Task prompt
Start to finish, write out the entries exactly, leaving the pictures aside.

[Referring expression grounding data]

◆ ◆ ◆

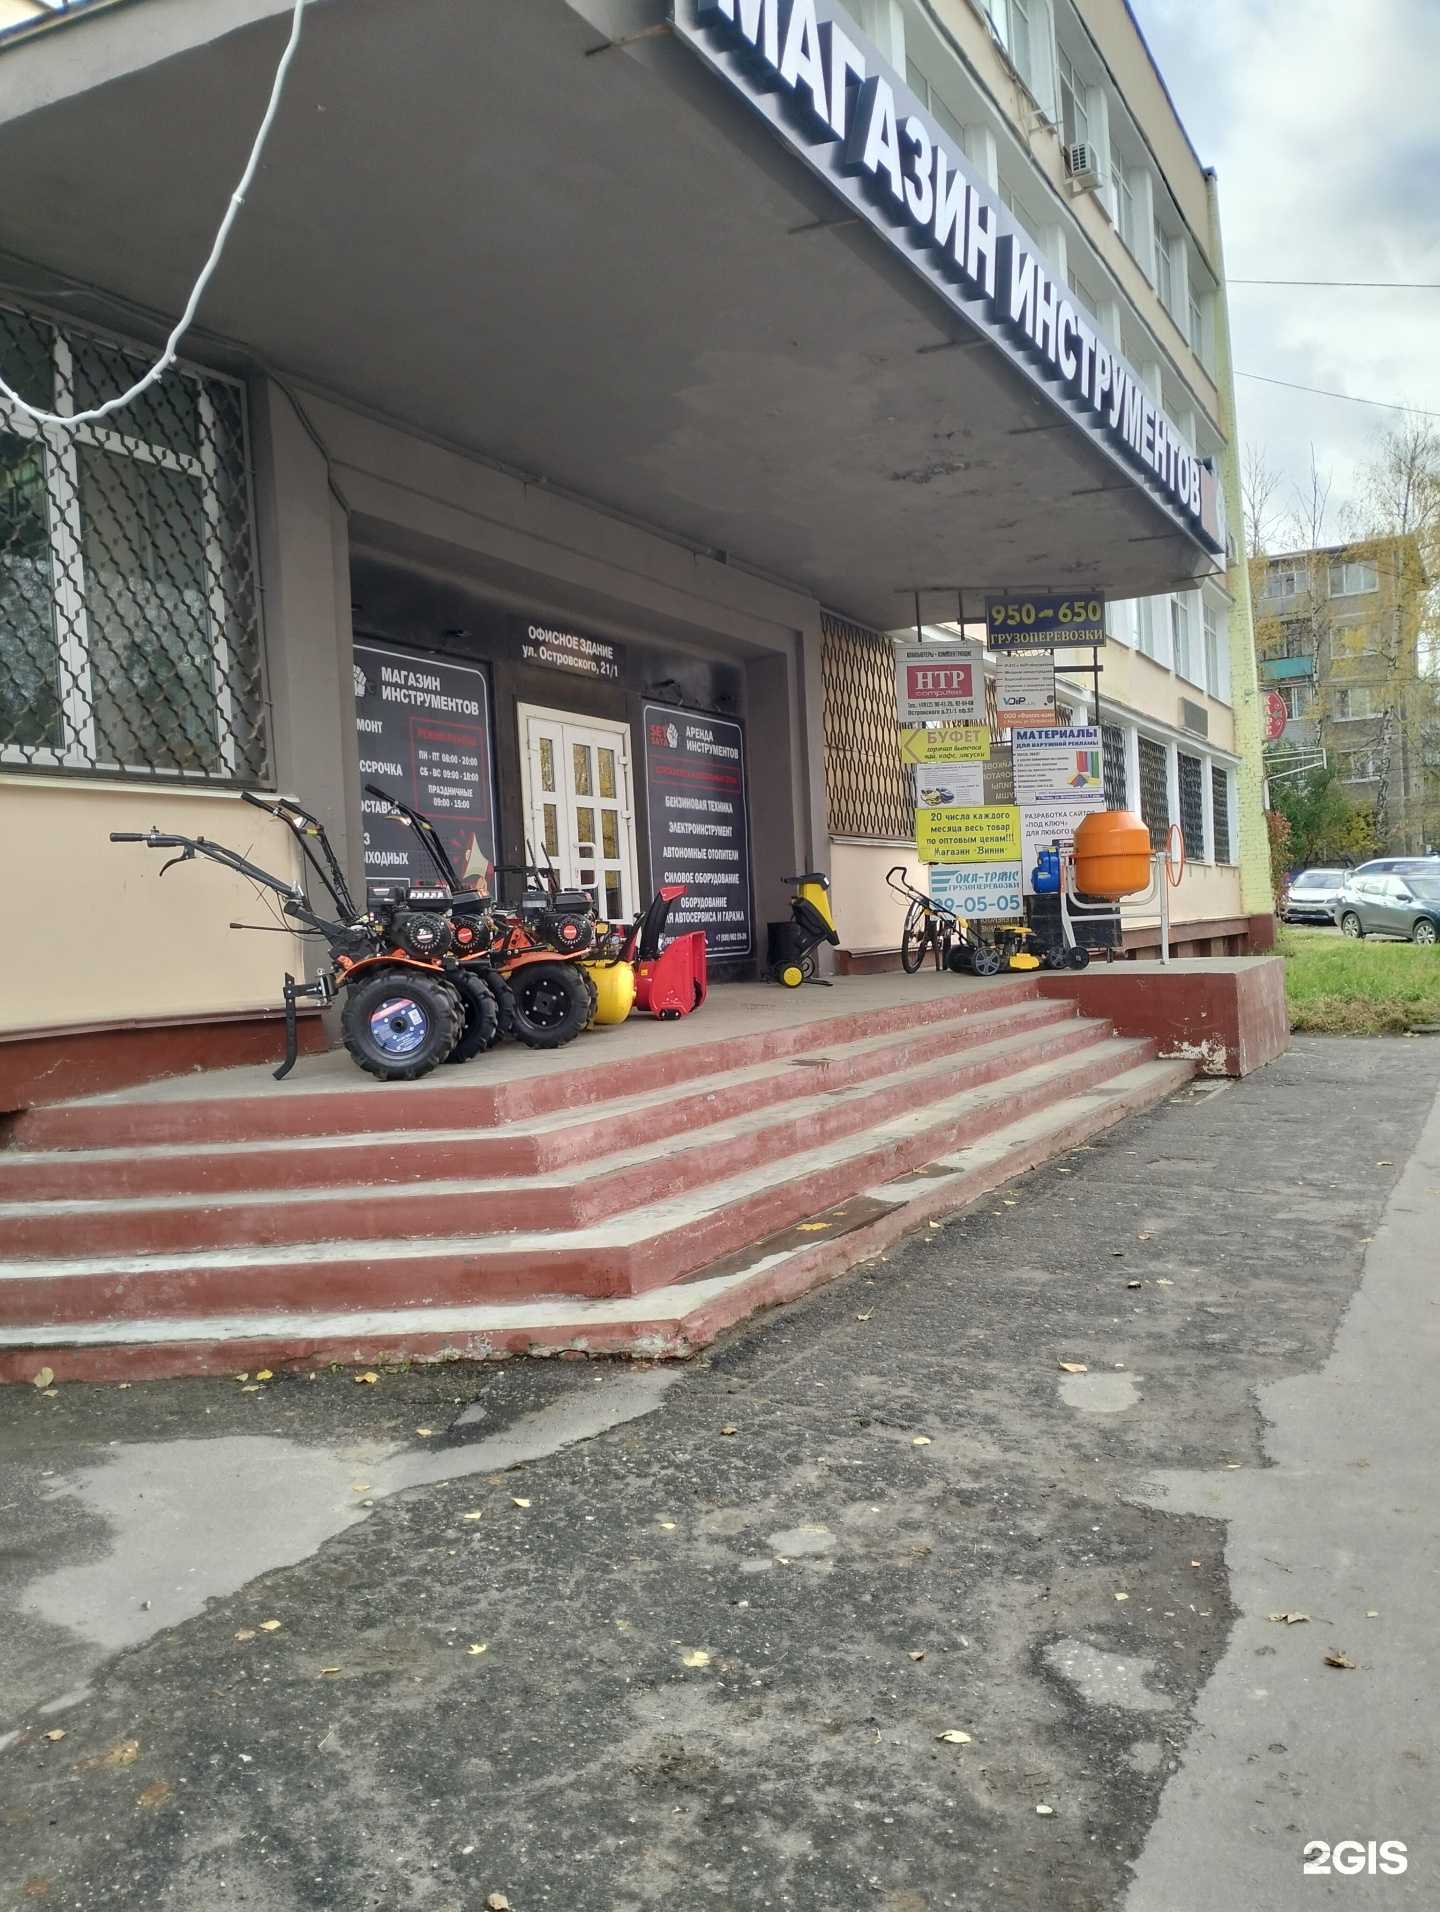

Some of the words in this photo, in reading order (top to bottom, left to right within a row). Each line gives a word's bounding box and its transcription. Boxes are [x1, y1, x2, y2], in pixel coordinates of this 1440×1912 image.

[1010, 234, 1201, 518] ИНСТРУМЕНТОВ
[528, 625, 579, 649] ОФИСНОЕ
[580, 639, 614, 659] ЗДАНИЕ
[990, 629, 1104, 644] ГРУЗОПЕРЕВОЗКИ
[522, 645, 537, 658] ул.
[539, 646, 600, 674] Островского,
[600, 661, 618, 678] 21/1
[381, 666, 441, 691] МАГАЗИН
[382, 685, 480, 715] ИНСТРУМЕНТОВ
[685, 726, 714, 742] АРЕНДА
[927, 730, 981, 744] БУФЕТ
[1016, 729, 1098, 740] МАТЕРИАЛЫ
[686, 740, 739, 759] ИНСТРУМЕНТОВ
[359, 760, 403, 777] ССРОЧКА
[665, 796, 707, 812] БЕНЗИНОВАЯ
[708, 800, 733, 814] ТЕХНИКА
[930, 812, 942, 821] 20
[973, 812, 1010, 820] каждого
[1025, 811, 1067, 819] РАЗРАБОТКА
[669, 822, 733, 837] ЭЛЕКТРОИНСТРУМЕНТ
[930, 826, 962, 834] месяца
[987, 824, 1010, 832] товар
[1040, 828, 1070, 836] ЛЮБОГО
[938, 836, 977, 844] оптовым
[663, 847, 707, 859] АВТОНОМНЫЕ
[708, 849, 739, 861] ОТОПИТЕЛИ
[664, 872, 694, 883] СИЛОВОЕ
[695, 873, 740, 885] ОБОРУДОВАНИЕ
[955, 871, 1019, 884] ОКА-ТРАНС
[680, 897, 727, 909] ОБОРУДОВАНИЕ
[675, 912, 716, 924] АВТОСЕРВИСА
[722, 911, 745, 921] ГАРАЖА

◆ ◆ ◆

Solution below
Some of the words in this photo, in reading order (top to bottom, left to right within a row). Each line gives a word's bounding box and its transcription. Boxes are [x1, y1, x2, y2], in pixel coordinates of this 1440×1912 image.

[1010, 234, 1201, 518] ИНСТРУМЕНТОВ
[528, 625, 579, 649] ОФИСНОЕ
[580, 639, 614, 659] ЗДАНИЕ
[990, 629, 1104, 644] ГРУЗОПЕРЕВОЗКИ
[522, 645, 537, 658] ул.
[539, 646, 600, 674] Островского,
[600, 661, 618, 678] 21/1
[381, 666, 441, 691] МАГАЗИН
[382, 685, 480, 715] ИНСТРУМЕНТОВ
[685, 726, 714, 742] АРЕНДА
[927, 730, 981, 744] БУФЕТ
[1016, 729, 1098, 740] МАТЕРИАЛЫ
[686, 740, 739, 759] ИНСТРУМЕНТОВ
[359, 760, 403, 777] ССРОЧКА
[665, 796, 707, 812] БЕНЗИНОВАЯ
[708, 800, 733, 814] ТЕХНИКА
[930, 812, 942, 821] 20
[973, 812, 1010, 820] каждого
[1025, 811, 1067, 819] РАЗРАБОТКА
[669, 822, 733, 837] ЭЛЕКТРОИНСТРУМЕНТ
[930, 826, 962, 834] месяца
[987, 824, 1010, 832] товар
[1040, 828, 1070, 836] ЛЮБОГО
[938, 836, 977, 844] оптовым
[663, 847, 707, 859] АВТОНОМНЫЕ
[708, 849, 739, 861] ОТОПИТЕЛИ
[664, 872, 694, 883] СИЛОВОЕ
[695, 873, 740, 885] ОБОРУДОВАНИЕ
[955, 871, 1019, 884] ОКА-ТРАНС
[680, 897, 727, 909] ОБОРУДОВАНИЕ
[675, 912, 716, 924] АВТОСЕРВИСА
[722, 911, 745, 921] ГАРАЖА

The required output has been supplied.